EXERCISE INSTRUCTIONS: From the first line to the last, write out the listing exactly.
Top of RECORD EXTRACTS
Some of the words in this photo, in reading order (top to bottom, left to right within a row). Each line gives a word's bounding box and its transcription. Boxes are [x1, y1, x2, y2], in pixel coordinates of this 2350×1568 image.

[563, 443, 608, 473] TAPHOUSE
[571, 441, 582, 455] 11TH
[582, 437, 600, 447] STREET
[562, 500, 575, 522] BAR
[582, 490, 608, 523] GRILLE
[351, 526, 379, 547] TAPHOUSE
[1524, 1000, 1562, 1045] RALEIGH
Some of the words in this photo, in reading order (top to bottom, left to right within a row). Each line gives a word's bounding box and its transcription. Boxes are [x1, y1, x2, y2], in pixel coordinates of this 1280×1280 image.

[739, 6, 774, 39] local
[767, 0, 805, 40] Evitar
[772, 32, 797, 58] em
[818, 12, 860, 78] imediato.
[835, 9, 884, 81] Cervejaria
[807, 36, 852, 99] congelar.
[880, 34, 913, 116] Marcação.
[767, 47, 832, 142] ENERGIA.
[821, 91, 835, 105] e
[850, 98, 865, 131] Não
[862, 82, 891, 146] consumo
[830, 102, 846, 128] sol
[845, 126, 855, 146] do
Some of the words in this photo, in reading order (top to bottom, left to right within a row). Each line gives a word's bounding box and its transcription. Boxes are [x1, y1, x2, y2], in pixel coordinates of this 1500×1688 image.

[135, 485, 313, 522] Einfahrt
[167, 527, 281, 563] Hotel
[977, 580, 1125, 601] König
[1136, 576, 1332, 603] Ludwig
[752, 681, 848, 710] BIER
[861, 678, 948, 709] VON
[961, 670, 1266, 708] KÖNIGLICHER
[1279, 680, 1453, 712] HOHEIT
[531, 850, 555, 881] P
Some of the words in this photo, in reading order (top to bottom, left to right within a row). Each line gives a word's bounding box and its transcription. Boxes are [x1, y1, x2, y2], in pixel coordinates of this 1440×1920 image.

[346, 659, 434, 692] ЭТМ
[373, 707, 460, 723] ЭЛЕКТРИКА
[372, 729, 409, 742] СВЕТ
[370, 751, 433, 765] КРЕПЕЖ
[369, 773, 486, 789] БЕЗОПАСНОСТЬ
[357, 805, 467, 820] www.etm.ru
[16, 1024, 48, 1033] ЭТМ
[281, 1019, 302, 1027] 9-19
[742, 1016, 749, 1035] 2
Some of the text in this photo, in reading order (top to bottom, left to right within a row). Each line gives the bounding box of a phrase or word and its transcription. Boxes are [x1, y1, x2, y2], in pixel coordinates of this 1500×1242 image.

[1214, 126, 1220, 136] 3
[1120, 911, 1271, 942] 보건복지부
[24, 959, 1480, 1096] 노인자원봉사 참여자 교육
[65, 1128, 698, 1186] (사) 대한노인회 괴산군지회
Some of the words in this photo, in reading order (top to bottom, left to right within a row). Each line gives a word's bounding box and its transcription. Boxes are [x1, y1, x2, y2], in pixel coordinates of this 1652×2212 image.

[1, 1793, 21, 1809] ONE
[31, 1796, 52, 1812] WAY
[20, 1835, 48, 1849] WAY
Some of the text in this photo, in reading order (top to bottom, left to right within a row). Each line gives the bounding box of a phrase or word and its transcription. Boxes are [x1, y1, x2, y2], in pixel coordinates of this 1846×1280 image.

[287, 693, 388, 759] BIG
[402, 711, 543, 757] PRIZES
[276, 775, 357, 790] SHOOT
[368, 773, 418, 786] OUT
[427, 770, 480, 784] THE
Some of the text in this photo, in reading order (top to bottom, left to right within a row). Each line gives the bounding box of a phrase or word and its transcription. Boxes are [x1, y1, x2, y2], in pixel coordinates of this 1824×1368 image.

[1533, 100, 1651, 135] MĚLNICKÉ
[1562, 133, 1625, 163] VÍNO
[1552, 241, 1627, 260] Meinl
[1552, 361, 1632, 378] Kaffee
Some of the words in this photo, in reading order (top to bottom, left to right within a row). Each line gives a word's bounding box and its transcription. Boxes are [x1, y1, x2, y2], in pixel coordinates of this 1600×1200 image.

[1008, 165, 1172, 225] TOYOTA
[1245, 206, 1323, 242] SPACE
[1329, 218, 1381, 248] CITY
Bottom of RECORD EXTRACTS
RESULT OF THIS TASK:
Some of the words in this photo, in reading order (top to bottom, left to right within a row). Each line gives a word's bounding box and its transcription. Boxes are [x1, y1, x2, y2], in pixel coordinates of this 2350×1568 image.

[563, 443, 608, 473] TAPHOUSE
[571, 441, 582, 455] 11TH
[582, 437, 600, 447] STREET
[562, 500, 575, 522] BAR
[582, 490, 608, 523] GRILLE
[351, 526, 379, 547] TAPHOUSE
[1524, 1000, 1562, 1045] RALEIGH
Some of the words in this photo, in reading order (top to bottom, left to right within a row). Each line gives a word's bounding box and its transcription. Boxes are [x1, y1, x2, y2], in pixel coordinates of this 1280×1280 image.

[739, 6, 774, 39] local
[767, 0, 805, 40] Evitar
[772, 32, 797, 58] em
[818, 12, 860, 78] imediato.
[835, 9, 884, 81] Cervejaria
[807, 36, 852, 99] congelar.
[880, 34, 913, 116] Marcação.
[767, 47, 832, 142] ENERGIA.
[821, 91, 835, 105] e
[850, 98, 865, 131] Não
[862, 82, 891, 146] consumo
[830, 102, 846, 128] sol
[845, 126, 855, 146] do
Some of the words in this photo, in reading order (top to bottom, left to right within a row). Each line gives a word's bounding box and its transcription. Boxes are [x1, y1, x2, y2], in pixel coordinates of this 1500×1688 image.

[135, 485, 313, 522] Einfahrt
[167, 527, 281, 563] Hotel
[977, 580, 1125, 601] König
[1136, 576, 1332, 603] Ludwig
[752, 681, 848, 710] BIER
[861, 678, 948, 709] VON
[961, 670, 1266, 708] KÖNIGLICHER
[1279, 680, 1453, 712] HOHEIT
[531, 850, 555, 881] P
Some of the words in this photo, in reading order (top to bottom, left to right within a row). Each line gives a word's bounding box and its transcription. Boxes are [x1, y1, x2, y2], in pixel coordinates of this 1440×1920 image.

[346, 659, 434, 692] ЭТМ
[373, 707, 460, 723] ЭЛЕКТРИКА
[372, 729, 409, 742] СВЕТ
[370, 751, 433, 765] КРЕПЕЖ
[369, 773, 486, 789] БЕЗОПАСНОСТЬ
[357, 805, 467, 820] www.etm.ru
[16, 1024, 48, 1033] ЭТМ
[281, 1019, 302, 1027] 9-19
[742, 1016, 749, 1035] 2
Some of the text in this photo, in reading order (top to bottom, left to right within a row). Each line gives the bounding box of a phrase or word and its transcription. Boxes are [x1, y1, x2, y2], in pixel coordinates of this 1500×1242 image.

[1214, 126, 1220, 136] 3
[1120, 911, 1271, 942] 보건복지부
[24, 959, 1480, 1096] 노인자원봉사 참여자 교육
[65, 1128, 698, 1186] (사) 대한노인회 괴산군지회
Some of the words in this photo, in reading order (top to bottom, left to right within a row). Each line gives a word's bounding box and its transcription. Boxes are [x1, y1, x2, y2], in pixel coordinates of this 1652×2212 image.

[1, 1793, 21, 1809] ONE
[31, 1796, 52, 1812] WAY
[20, 1835, 48, 1849] WAY
Some of the text in this photo, in reading order (top to bottom, left to right within a row). Each line gives the bounding box of a phrase or word and its transcription. Boxes are [x1, y1, x2, y2], in pixel coordinates of this 1846×1280 image.

[287, 693, 388, 759] BIG
[402, 711, 543, 757] PRIZES
[276, 775, 357, 790] SHOOT
[368, 773, 418, 786] OUT
[427, 770, 480, 784] THE
Some of the text in this photo, in reading order (top to bottom, left to right within a row). Each line gives the bounding box of a phrase or word and its transcription. Boxes are [x1, y1, x2, y2], in pixel coordinates of this 1824×1368 image.

[1533, 100, 1651, 135] MĚLNICKÉ
[1562, 133, 1625, 163] VÍNO
[1552, 241, 1627, 260] Meinl
[1552, 361, 1632, 378] Kaffee
Some of the words in this photo, in reading order (top to bottom, left to right within a row). Each line gives a word's bounding box and its transcription. Boxes are [x1, y1, x2, y2], in pixel coordinates of this 1600×1200 image.

[1008, 165, 1172, 225] TOYOTA
[1245, 206, 1323, 242] SPACE
[1329, 218, 1381, 248] CITY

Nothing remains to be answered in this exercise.